L’article 6 de la convention garantit le droit inhérent à la vie des enfants : les gouvernements doivent tout faire pour que les enfants survivent et puissent se développer sainement. Ce n’est pas le cas des enfants autochtones du Canada.

La Journée nationale de l’enfant nous rappelle non seulement les progrès réalisés au chapitre des droits de l’enfant, mais aussi le chemin qu’il reste à parcourir, surtout quand il s’agit des plus vulnérables d’entre nous, comme les enfants autochtones ou ceux qui ont un handicap physique ou intellectuel.

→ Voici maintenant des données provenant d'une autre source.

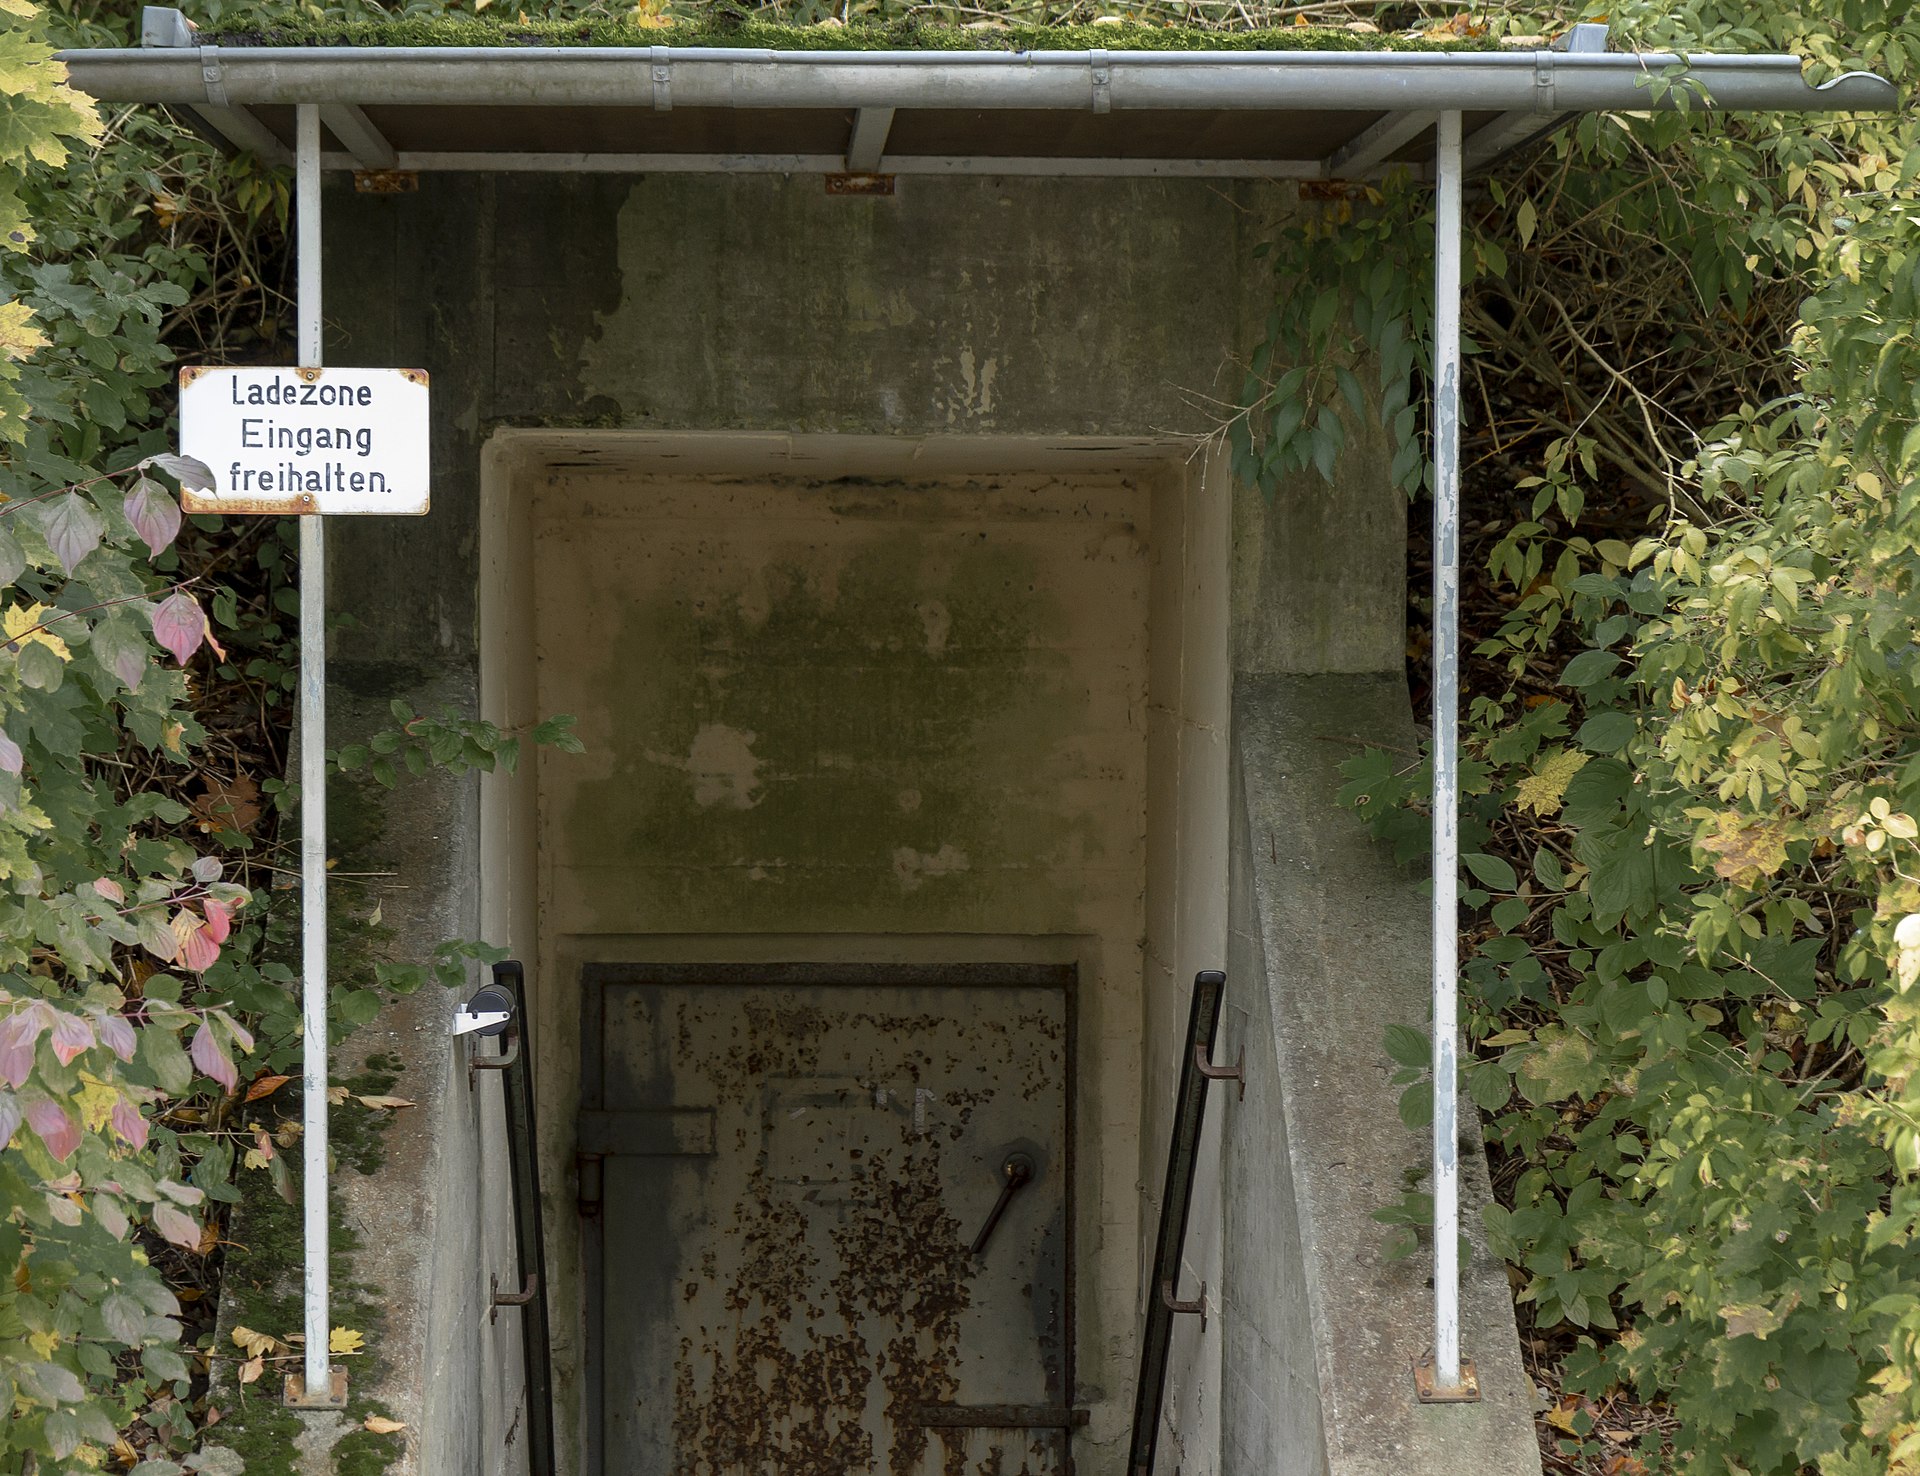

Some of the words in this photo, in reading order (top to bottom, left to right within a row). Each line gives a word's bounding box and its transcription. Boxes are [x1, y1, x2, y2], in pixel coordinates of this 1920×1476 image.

[231, 374, 373, 407] Ladezone
[241, 417, 373, 457] Eingang
[229, 461, 393, 494] freihalten.

Honorables sénateurs, demain matin, les sièges sur lesquels vous êtes présentement assis et ceux de la tribune seront occupés par des enfants provenant d’un peu partout dans la région de la capitale nationale. Ils se joindront à la sénatrice Martin, au sénateur Mercer et à moi pour la célébration annuelle de la Journée nationale de l’enfant. J’espère sincèrement que, l’an prochain, un sénateur indépendant se joindra à nous afin que cette importante journée continue de se dérouler de manière équitable.

Nous suivons les traces du grande défenseure des droits des enfants, l’ancienne sénatrice Landon Pearson, qui a créé cet événement avant même que nous soyons nommés au Sénat.

Tous les ans, nous élaborons un programme qui embrasse les valeurs formulées dans la Convention des Nations Unies relative aux droits de l’enfant et qui met en vedette le potentiel et les réalisations extraordinaires de jeunes Canadiens.

Honorables sénateurs, si vous êtes à Ottawa demain matin, joignez-vous à nous ici, dans la salle du Sénat, à 10 heures, pour constater tout l’enthousiasme et le dynamisme de cet événement. Si vous ne pouvez être des nôtres, je vous invite à inscrire à votre agenda le petit déjeuner-rencontre de la semaine prochaine avec des groupes d’enfants locaux et nationaux. Il aura lieu de 8 à 9 heures, juste à l’extérieur du foyer du Sénat. J’espère avoir le plaisir de vous y voir.

Honorables sénateurs, quelqu’un a dit qu’on peut chercher à s’assagir en vieillissant tout en continuant à regarder le monde avec des yeux d’enfant. Merci.